Working Around Twitter API Restrictions To Identify Bots

Twitter is by far the easiest social media platform to work with programmatically. The Twitter API provides developers with a clean and simple interface to query Twitter’s objects (Tweets, users, timelines, etc.) and bindings to this API exist for many languages. As an example, I’ve been using Tweepy to write Python scripts that work with Twitter data.

While seemingly powerful at first, developers will inevitably bump into one of the many restrictions imposed on usage of Twitter’s API, likely not all that long after they start using it. And if they’re like me, they’ll probably put a great deal of time and effort into figuring out if they can circumvent those restrictions. Here are a few that I’ve bumped into:

  • The Twitter API imposes rate limits on every action you can perform. These rate limits vary depending on what it is you’re trying to do. Here’s a table that lists them. Rate limits almost completely destroy one’s ability to create forensic tools that iterate follower/following lists looking for associations between accounts (that can sometimes be useful for mapping out bot networks.)

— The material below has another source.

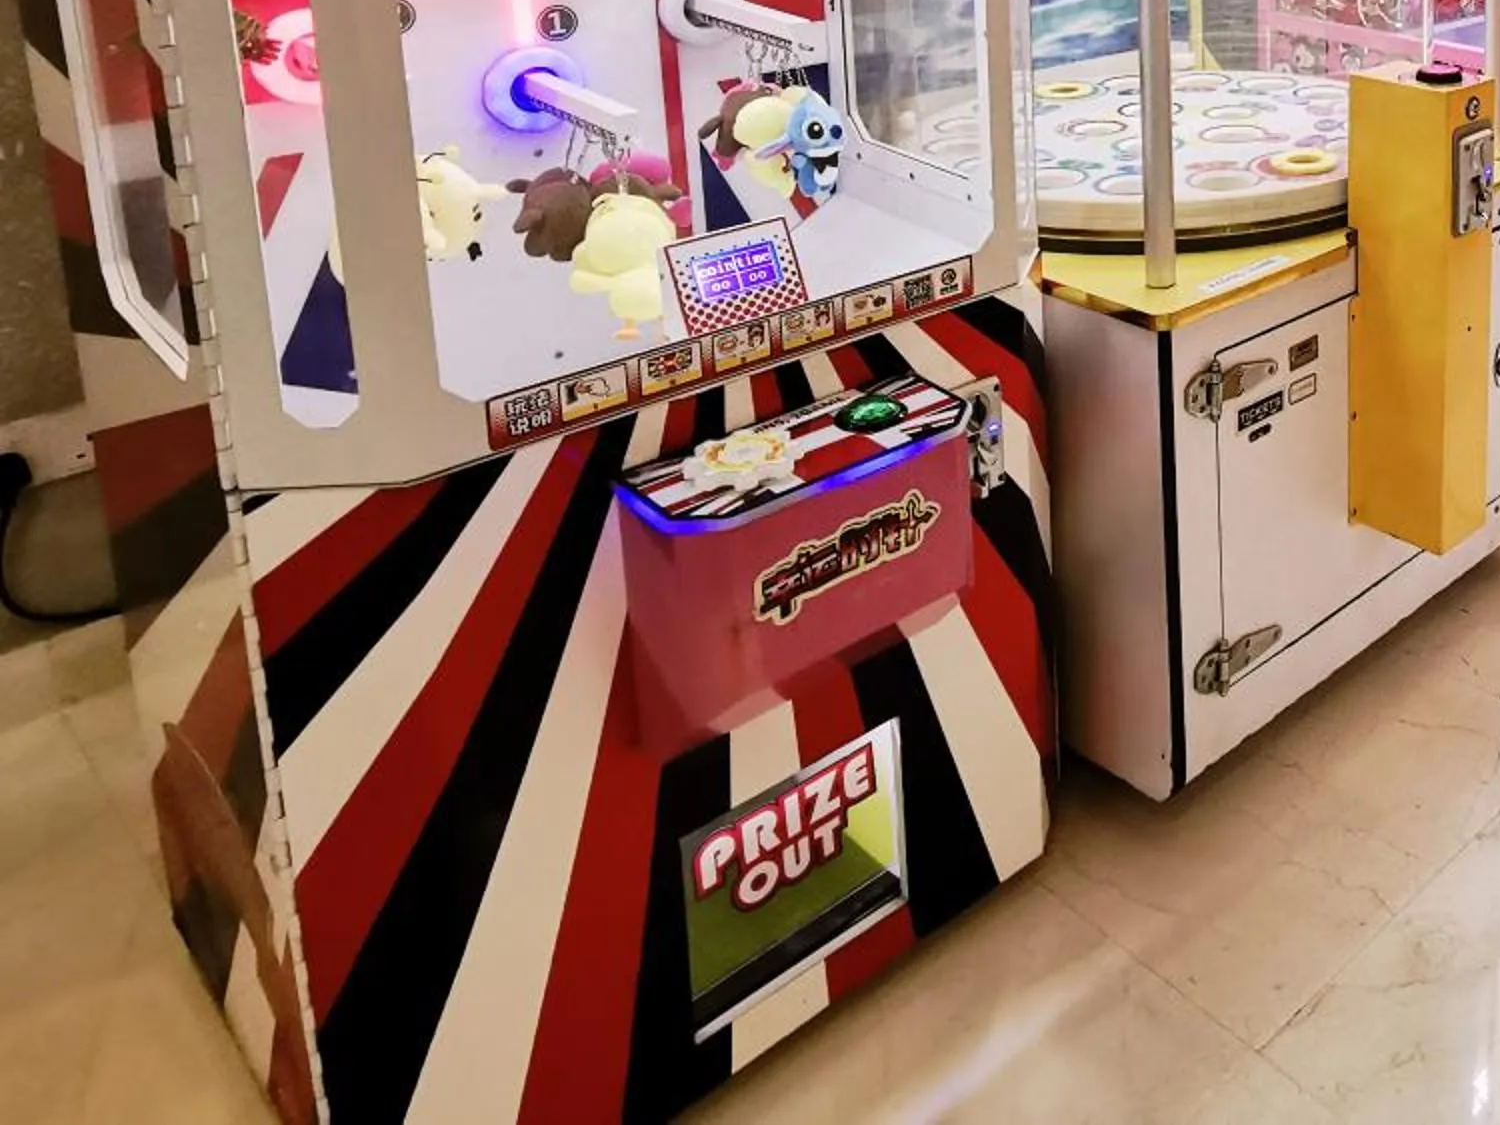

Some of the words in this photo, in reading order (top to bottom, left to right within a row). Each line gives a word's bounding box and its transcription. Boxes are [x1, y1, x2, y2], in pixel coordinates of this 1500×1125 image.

[547, 10, 566, 36] 1
[1240, 395, 1282, 426] TICKETS
[698, 749, 871, 893] PRIZE
[737, 815, 842, 905] OUT

  • The number of results returned by queries is capped. A while back I tried to retrieve lists of followers for Twitter’s top 100 most followed accounts (all of which have millions of followers). The API only let me retrieve the most recent 5000 followers. Likewise, if you want to iterate Tweets published by a specific user, the API will only return about 3,200 items, even if the user’s Tweet history contains more.
  • Searches will only retrieve data from the last 7 days. This prevented me from creating a tool to retrieve the first Tweet that contains a specific string, URL, or hashtag (which would be useful for forensic purposes). In order to see back past 7 days, you’d have to save all Tweets, all the time. And that would be expensive, if it were even possible, but…

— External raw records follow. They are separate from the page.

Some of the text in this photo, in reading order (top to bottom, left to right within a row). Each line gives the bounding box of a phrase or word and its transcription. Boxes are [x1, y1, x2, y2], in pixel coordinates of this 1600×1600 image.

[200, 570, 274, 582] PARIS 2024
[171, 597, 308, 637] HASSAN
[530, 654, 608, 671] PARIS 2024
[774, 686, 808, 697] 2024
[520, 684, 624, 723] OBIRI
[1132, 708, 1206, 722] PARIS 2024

  • You can’t listen to a stream of all Tweets that are happening. That stream is referred to as “the firehose”, and Twitter only grants a few customers access to it. You can, however, listen to a stream of 1% of all Tweets. That’s referred to as “the garden hose”. Alternatively, and this is the method I use, you can listen to a stream based on a set of search terms. This is a more targeted approach, and ends up being more useful than listening to a ton of noise in most cases.
  • As I mentioned in a previous post, some objects aren’t returned as you might expect. In the case of a “Quote Tweet”, you can access a static representation of the quoted Tweet, but not the full Tweet object. This prevents a script from iterating through nested quote Tweets without performing multiple queries and, yeah, you guessed it, hitting the rate limit wall.
  • Some information is missing. At the time of querying, I’d like to see how many replies a Tweet has accrued. Not possible. You can retrieve an integer corresponding to the number of times a Tweet has been liked or Retweeted, but you’d have to perform additional queries to get a list of users or Tweets associated with that action.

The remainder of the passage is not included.